About Bob Lutz: He only worked for BMW 2 years 1970-73 as executive VP of sales Germany...I think the M division really got cooking a little later. Before that he was with GM Euro, Exide (Ever notice who makes BMW batteries?). Then Ford (Truck division), then Chrysler, back to Ford, then GM. Lot's of brand loyalty there huh? I don't think any of the aforementioned would give him a clue about marketing performance cars...as evidenced by the GTO.


----------



## Wallenrod (Nov 25, 2003)

That's ridiculous. It's like saying that making $30K a year does not make you want to become a billionair some day.
Or do people not pay over $50K to buy S4 only because Audi make some cheap ass FWD cars?
That's just absolutely insane.

I don't really think people's decisions are influenced by this at all. And I predict that BMW will make a bigger profit selling 1 series than selling 7 series. Not per unit but per volume. And isn't it all that BMW shareholders care about?


----------



## e46shift (Oct 12, 2002)

the thing is they would be competing with themself by bringing the 1 series. they already have the 1 series here. it's called  the mini cooper


----------



## woody underwood (Feb 9, 2004)

Wallenrod said:


> That's ridiculous. It's like saying that making $30K a year does not make you want to become a billionair some day.
> Or do people not pay over $50K to buy S4 only because Audi make some cheap ass FWD cars?
> That's just absolutely insane.
> 
> I don't really think people's decisions are influenced by this at all. And I predict that BMW will make a bigger profit selling 1 series than selling 7 series. Not per unit but per volume. And isn't it all that BMW shareholders care about?

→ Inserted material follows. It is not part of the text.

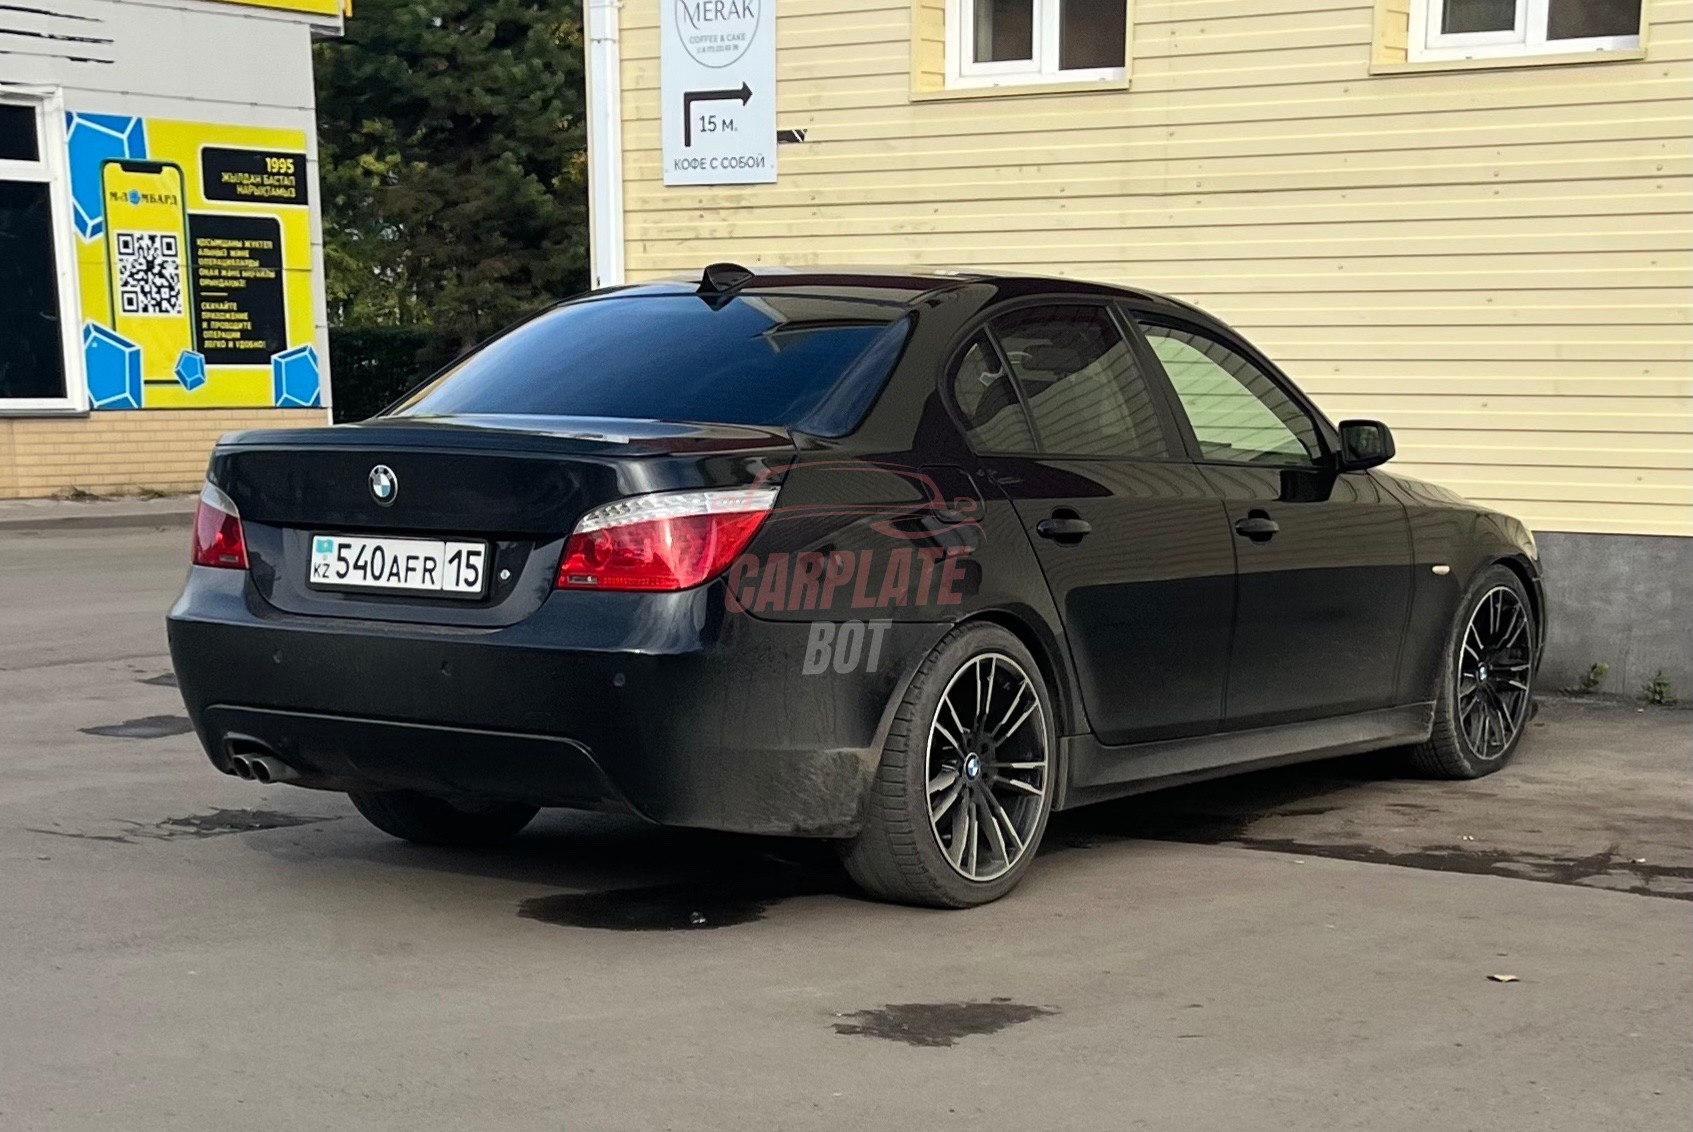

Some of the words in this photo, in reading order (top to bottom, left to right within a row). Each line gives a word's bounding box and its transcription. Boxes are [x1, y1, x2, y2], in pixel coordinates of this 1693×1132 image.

There are no BMW shareholders so to speak, it's a privately owned company. And I doubt if any 7 owners will even know BMW makes a 1 series. The entry Audis must have really killed A8 sales here in the midwest cause I've never seen one in KC.


----------



## Wallenrod (Nov 25, 2003)

woody underwood said:


> There are no BMW shareholders so to speak, it's a privately owned company. And I doubt if any 7 owners will even know BMW makes a 1 series. The entry Audis must have really killed A8 sales here in the midwest cause I've never seen one in KC.


Woody,

I am aware of the Quandt's family domination of the BMW's shareholder structure but it is a public company afterall.


----------



## andy_thomas (Oct 7, 2002)

Andre Yew said:


> A couple of people asked who Bob Lutz is, and I'm surprised no one answered. Among other things, he's one of the people responsible for starting BMW's M division when he worked at BMW in the 70s as VP of sales, so I think he has a clue or two about performance cars and selling them.
> 
> --Andre


Clearly the ravages of time have got to him, and he now has the central-casting 'snob' attitude to BMWs. Shame.


----------



## Chendol (Jul 15, 2003)

*Ultimate Driving Minivan coming......*

:eeps: 
=============

BMW
The Ultimate Fairly Inexpensive Driving Machine
BMW wants to get bigger, and quickly. To do that, the world's 14th-largest car company is planning to sell-Beemer lovers, please avert your eyes-inexpensive hatchbacks and minivans. 
FORTUNE
Monday, October 18, 2004 
By Alex Taylor III

Helmut Panke, chairman of BMW, hates to say the word. He's in his stark, white office at the company's headquarters near Munich, describing a future vehicle his team is developing. A precise man who has a doctorate in nuclear science as well as a deep appreciation for exquisite engineering, Panke is fond of talking about the "DNA" of BMW. When he talks about the company's tradition and values, his entire body contorts with emotion. "A BMW will always be true BMW," he says. "We will never build a boring BMW." And yet the more he describes his new dream machine, the more the word he's avoiding hangs in the air. This means of conveyance will be large and roomy. (Min ...) It will have the utility of an SUV yet the handling of a BMW. (Miniv ...) As Panke talks, it's hard not to think "juice boxes" and "soccer practice." It can't be. A minivan?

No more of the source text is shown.